Secondly, youth complained, “The Church makes no provision for my real social needs.” Rather than rushing out to organize new baseball leagues and skating parties, let us examine this complaint on a deeper level than “fellowship” by asking, “What are youth’s basic social needs?” Nevin C. Harner in Youth Work in the Church lists these six basic needs (pp. 31–60):

1. The need for a vital Christian faith.

2. The need for self-understanding.

3. The need for Christian vocational guidance.

4. The need for Christian sex education.

5. The need for Christian social education.

6. The need for rootage in the Christian fellowship.

Obviously, the complaining young people could not isolate and identify these needs but simply knew that something was missing. The historic Church has pioneered in the most practical of social services: education, medicine, libraries, the arts. Yet youth now say the Church does not care about their social needs.

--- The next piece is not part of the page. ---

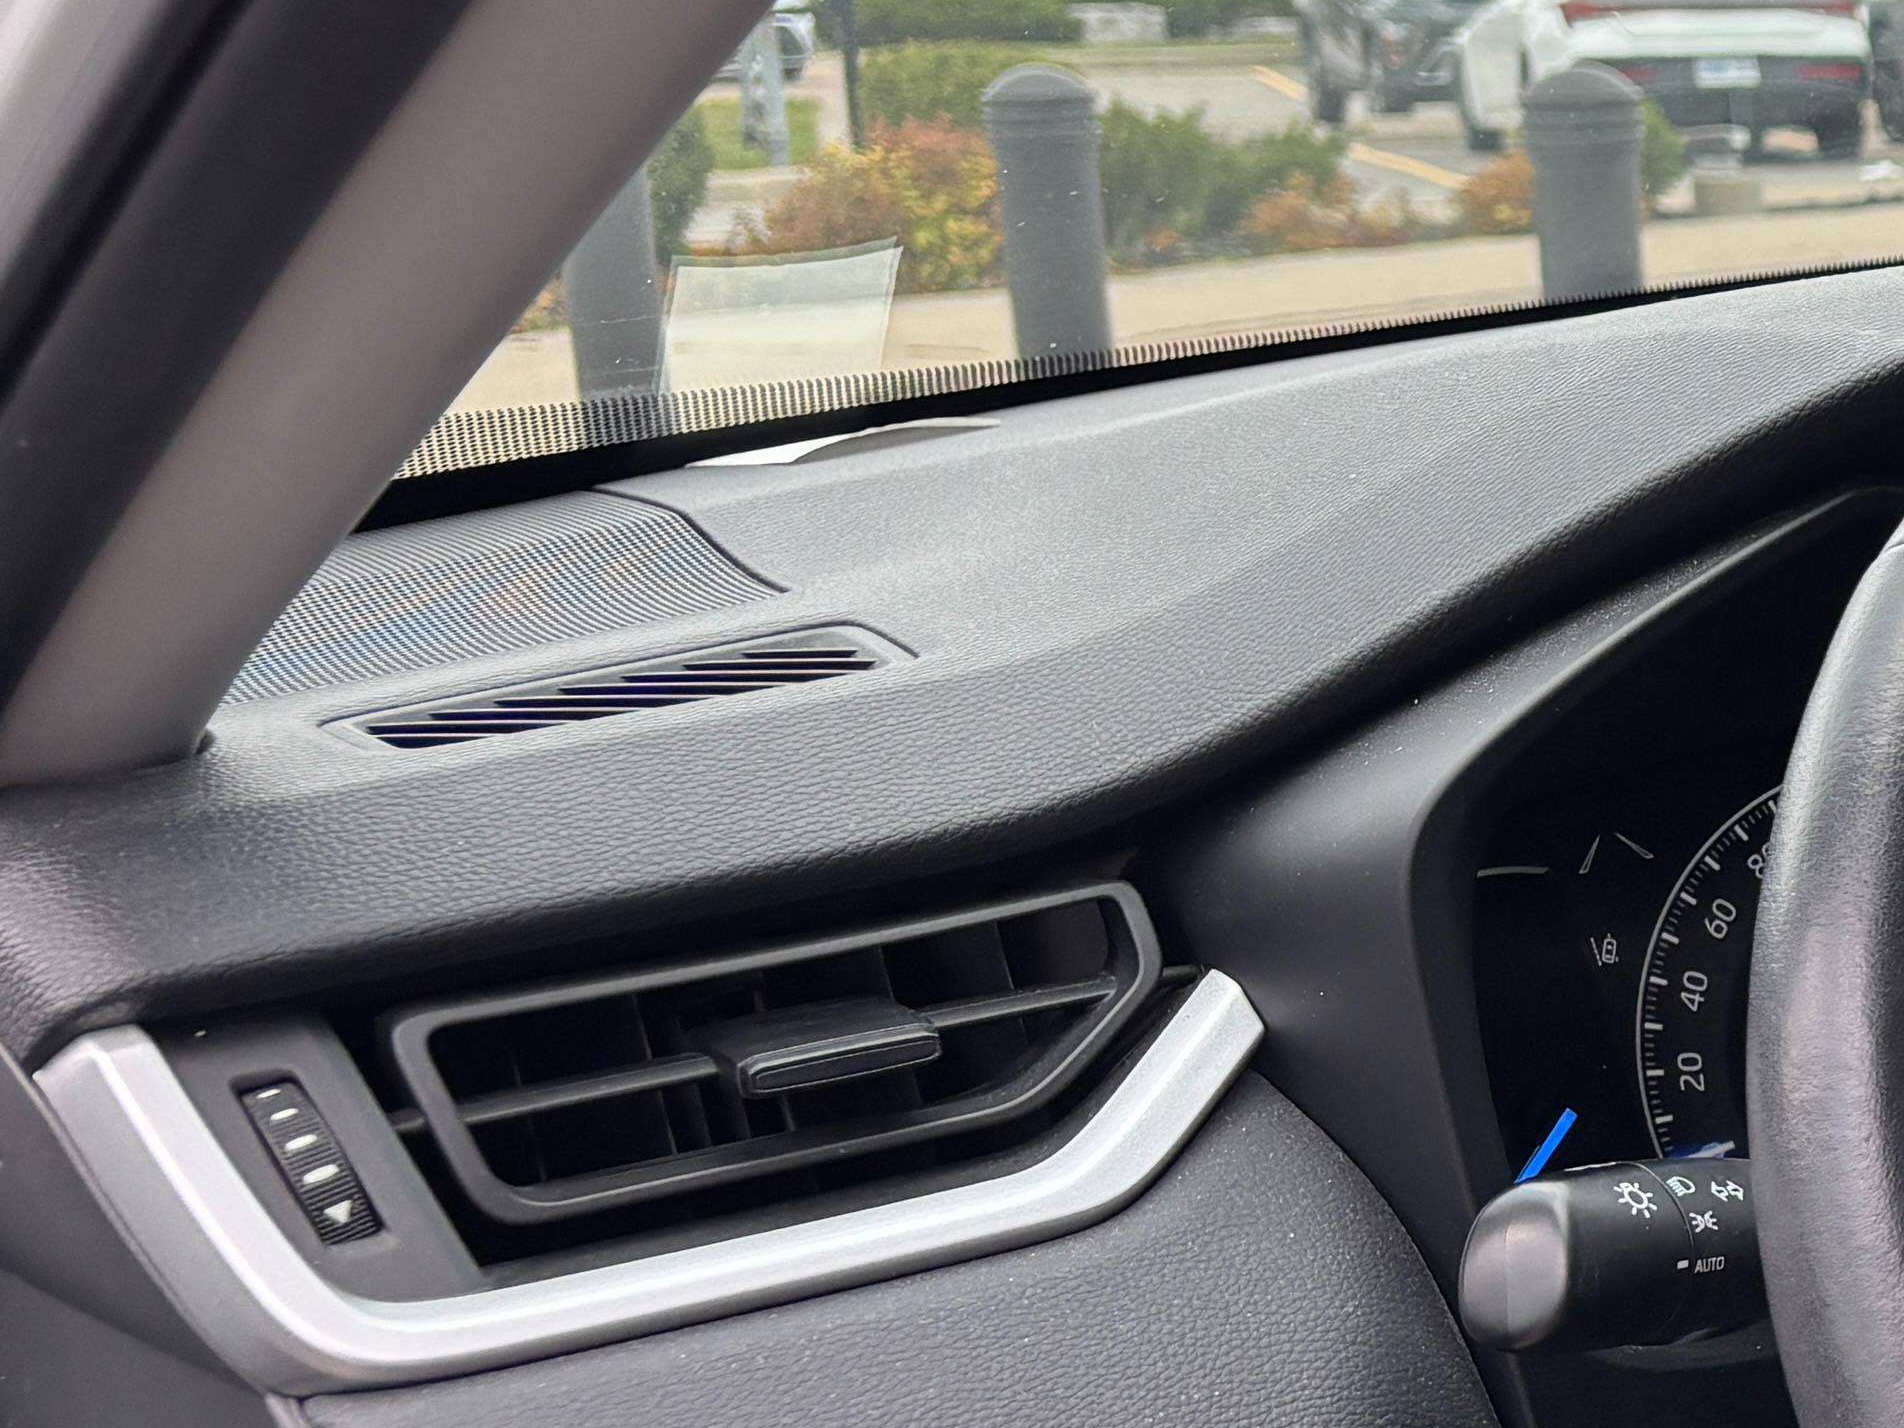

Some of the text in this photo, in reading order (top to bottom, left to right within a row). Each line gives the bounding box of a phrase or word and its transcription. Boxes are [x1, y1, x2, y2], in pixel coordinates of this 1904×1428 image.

Strangely, there are ministers who believe that their task has no social dimensions. Like Time magazine, they confine religion to one page or so of life. Most of us do not want to make that mistake. Yet we think that, because each week we have only five hours of youth’s 168, we should limit our concern to “spiritual things” and let the home, school, and job take care of the rest of their lives. Thus we produce the vicious circle (as with sex education) of the parent trusting the school, the school trusting the church, and the church trusting the parent. As a result young people receive nothing but evasions and misinformation.

Needed: Confusion Control

All of us are guilty of camouflaging our social concern under a barrage of meaningless phrases, worn-out metaphors, and out-dated allegories. It is our job as communicators to come up with language pollution controls that will enable us to eliminate the smog of confusion and bring about a return to clean air and clear communications.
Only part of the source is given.